Miris, Satu Keluarga Hidup di Kandang Kerbau

Kandang kerbau tempat Wiwit dan keluarga bermukim (tribun jateng)


KONDISI kehidupan satu keluarga di Pekalongan, Jawa Tengah ini, terlihat sangat kurang beruntung. Mereka tinggal di kandang kerbau karena belum himpitan ekonomi.

Wiwit Setianingsih (16) dan adiknya, Vivi Ratnasari (10), dua orang bocah yang punya keterbatasan fisik tinggal di sana. Mereka bermukim di atas bukit Mengger di Dukuh Mengger, Desa Sengare, Kecamatan Talun, Kabupaten Pekalongan.

Anak dari pasangan Dasirin (56) dan Tarkonah (50) tersebut menjalani keseharian dengan berdiam diri di dalam gubuk berukuran 4x6 meter. Warga prihatin, sebab mereka tinggal bersama kerbau di tengah hutan.

Terkadang, kedua orangtuanya pergi mencari nafkah sedari pagi hingga sore hari. Jarak gubuk yang ditempati oleh keluarga tersebut sekitar lima kilometer dari permukiman warga, harus menembus hutan dengan beberapa tanjakan terjal untuk sampai ke gubuk itu.

Jerami dan kotoran ternak telah menjadi pemandangan sehari-hari ke dua bocah perempuan tersebut. Kondisi semakin parah jika menjelang gelap, sebab keluarga Dasirin hanya mengandalkan lampu minyak untuk menerangi gubuk yang mereka tinggali.

Wiwit mengalami kelumpuhan sejak menginjak kelas satu sekolah dasar. Sedangkan adiknya mengalami keterbelakangan mental.

Kedua orangtuanya hanya bisa pasrah dengan keadaan, karena untuk mencukupi kebutuhan sehari-hari keduanya harus membanting tulang dengan merawat kerbau milik orang dan menjadi buruh tani.

Wiwit mengatakan sangat ingin bermain bersama teman-teman lainya dan segera ingin pindah dari gubuk itu. "Sangat ingin main bersama teman-teman dan ingin pindah," ujar Wiwit terbata-bata, Sabtu (1/9/2018).

Dia dan adiknya sedikit agak untuk berkomunikasi karena jarang bertemu dan berbincang dengan orang lain.

Seolah ingin mengungkapkan sesuatu, sorot mata gadis 16 tahun itu terus tertuju pada orang asing yang mendatangi tempat tinggalnya.

Sembari duduk di sebelah sang adik, ia mengungkapkan pernah merasakan bangku sekolah, namun kemudian keluar. "Dulu saya pernah sekolah tapi sampai kelas satu," katanya dengan suara lirih.

Sementara itu, Dasirin menerangkan, terpaksa mengajak anak dan istrinya tinggal jauh dari permukiman karena tak punya tempat tinggal.

"Mau bagaimana lagi kami tidak punya apa-apa, untuk menyambung hidup saja kami harus banting tulang naik turun bukit menjadi buruh tani, dan merawat ternak berupa kerbau milik orang," imbuhnya.

Dasirin sudah satu tahun tinggal di puncak Bukit Mengger, dan keluarganya ia ajak kurang lebih empat bulan lalu.

"Kedua anak saya tak pernah mengeluh, mereka tahu kondisi keluarga.

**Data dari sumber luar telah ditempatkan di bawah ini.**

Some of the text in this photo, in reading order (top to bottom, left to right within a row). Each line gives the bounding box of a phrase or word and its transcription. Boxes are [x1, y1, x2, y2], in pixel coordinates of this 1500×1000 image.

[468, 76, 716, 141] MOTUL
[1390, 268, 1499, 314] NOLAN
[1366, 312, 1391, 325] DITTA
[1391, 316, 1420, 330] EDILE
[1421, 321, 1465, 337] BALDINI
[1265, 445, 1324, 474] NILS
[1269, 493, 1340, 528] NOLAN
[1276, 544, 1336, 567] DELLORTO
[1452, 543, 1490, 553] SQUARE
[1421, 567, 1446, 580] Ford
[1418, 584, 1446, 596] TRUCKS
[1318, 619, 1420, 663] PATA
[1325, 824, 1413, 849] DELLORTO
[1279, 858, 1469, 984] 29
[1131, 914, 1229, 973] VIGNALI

Walaupun demikian kadang saya sangat sedih melihat kondisi kedua anak saya," tambahnya.

Mata lelaki paruh baya itu berkaca-kaca kala menceritakan kehidupan keluarganya yang tinggal menyendiri di atas bukit.

"Ketika malam dan istri saya sering menangis melihat kondisi anak-anak, karena kedua anak kami punya keterbatasan ditambah ekonomi kami seperti ini," katanya.

"Kadang Wiwit dan Vivi mengatakan kepada saya ingin jadi orang pintar dan ingin belajar terus menerus. Tapi apa daya kami keadaan ini memaksa kami hidup di kondisi seperti ini," sambung Dasirin.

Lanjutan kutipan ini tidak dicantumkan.